Abstract

This splendidly provocative book offers the biography of a topos. It treats supplication, a surprisingly ubiquitous master-genre in early modern literature, as a site of both reciprocity and instability—a fragile discourse that offers a medium for reconciliation between unequal partners but just as easily threatens to open up new disparities between its participants. Whittington traces the genesis and evolution of supplication as both a social practice and literary event from Graeco-Roman antiquity to Milton.

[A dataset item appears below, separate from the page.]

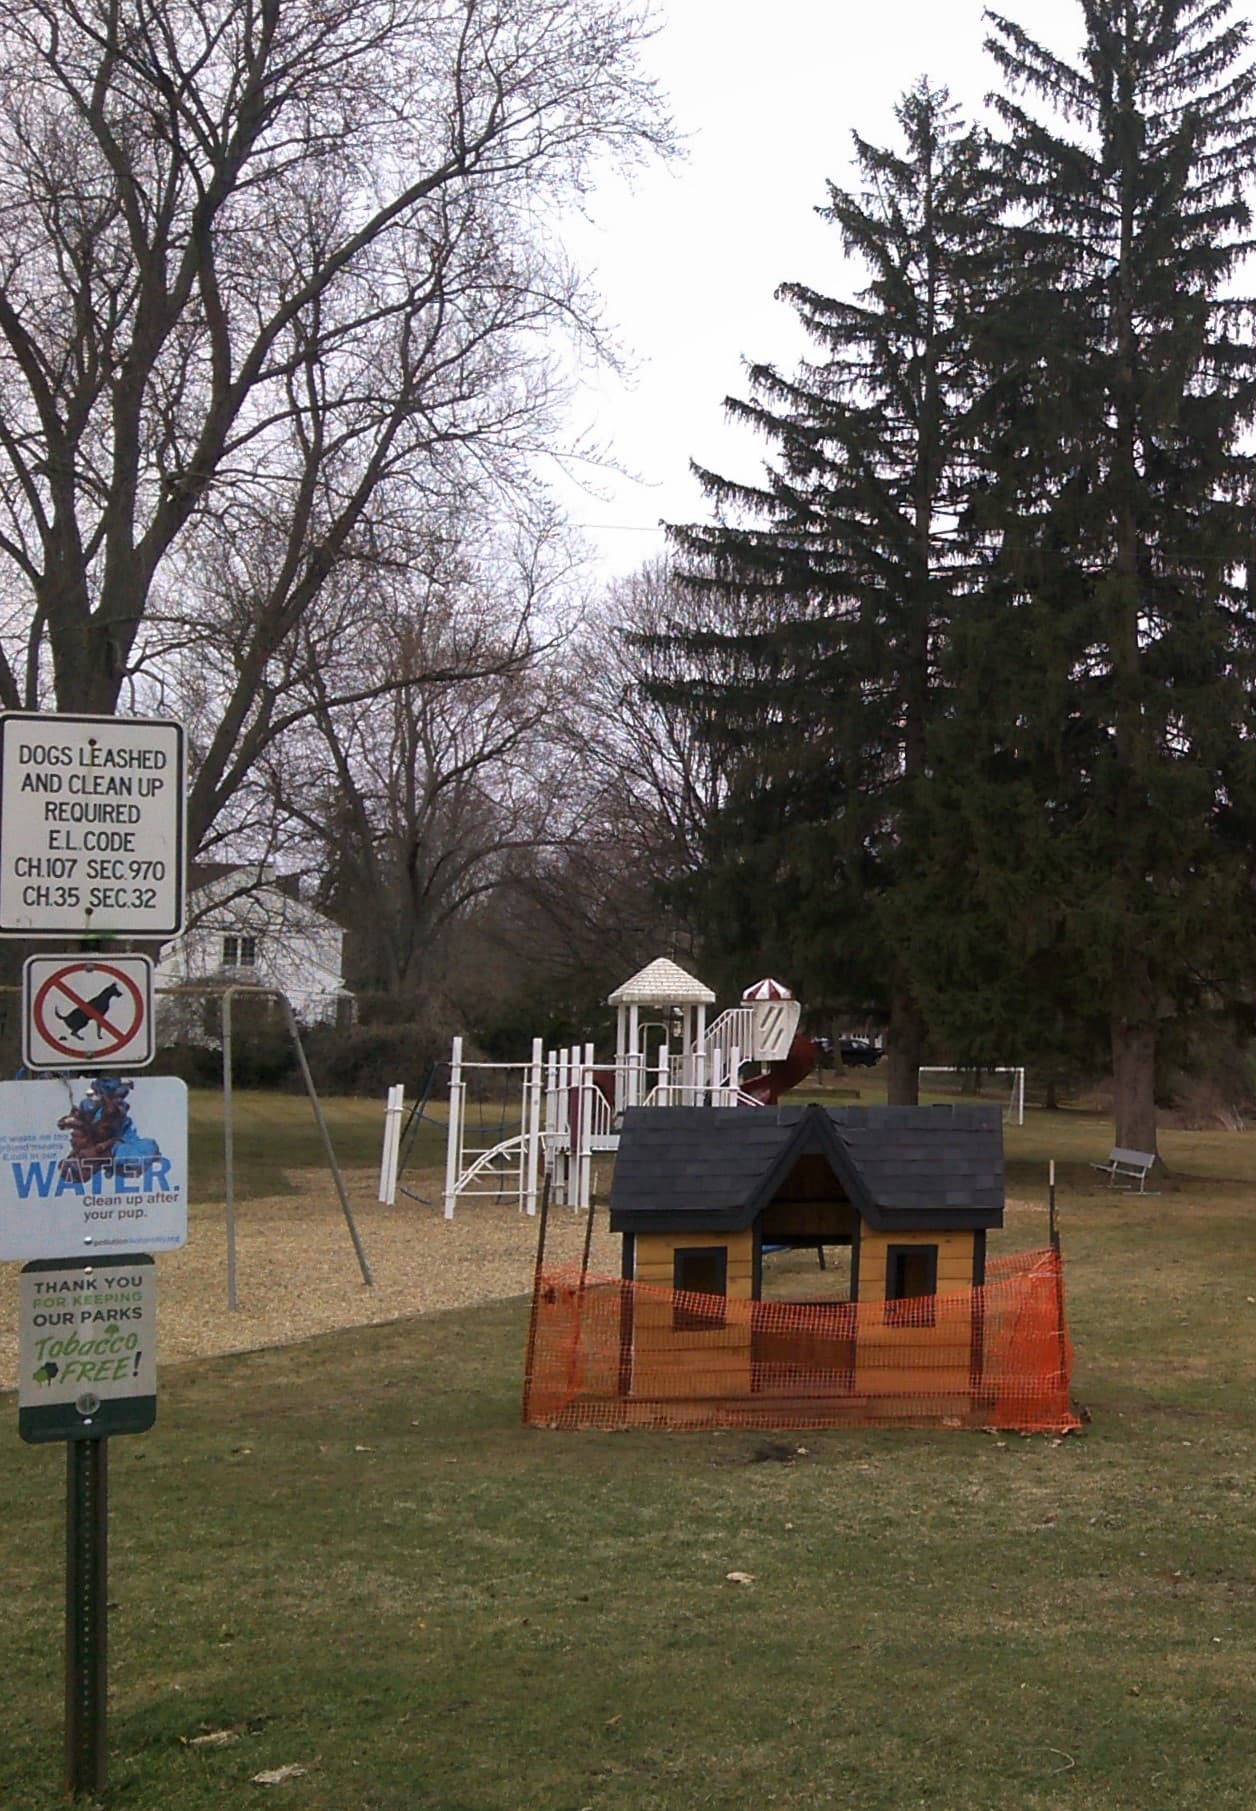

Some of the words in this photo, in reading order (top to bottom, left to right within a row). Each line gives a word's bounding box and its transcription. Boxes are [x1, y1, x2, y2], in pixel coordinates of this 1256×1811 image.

Renaissance Suppliants demonstrates, through close readings of Petrarch, Shakespeare, and Milton, how this literary topos (which transcends the status of mere literary topos) is transformed in its several iterations: supplicatory discourse in Renaissance literature is shaped by the legacy of past instantiations but is sufficiently malleable to engender unexpected recalibrations and twists. In Whittington’s conception, supplication represents a set piece, both paradigmatic and, in its uses and reuses, versatile. It negotiates asymmetry; it stages humiliation and abjection; and it reroutes the expected vectors of sympathy in unfamiliar directions. In each of its principal chapters, this study contextualizes the idea of supplication within illuminating cultural, political, and religious frameworks, and locates this presiding trope within discrete literary genres. Whittington is, avowedly, most interested in analysing deviations and abrogations from the Platonic paradigm of supplication: having carefully established the grammar of supplicatory discourse in the opening chapters, Whittington then dwells on the aesthetic and political implications that arise from the manipulation of that underlying grammar by three major writers: Petrarch, in his erotic poetry, in which supplicatory scenarios figure abjection and loss; Shakespeare’s dramas, primarily Richard II and Coriolanus, which detail the political and emotional costs borne by those who are supplicated; and Milton’s epic, whose vertical image systems, invested with Homeric subtexts and responding to seventeenth-century debates about religious kneeling, rethink hierarchy and foster, unexpectedly, the conditions for reconciliation. As the apotheosis of the supplicatory tradition, Paradise Lost finally makes irrelevant certain hierarchical distinctions through the paradox of God’s promise, in Book III, that ‘humiliation shall exalt’.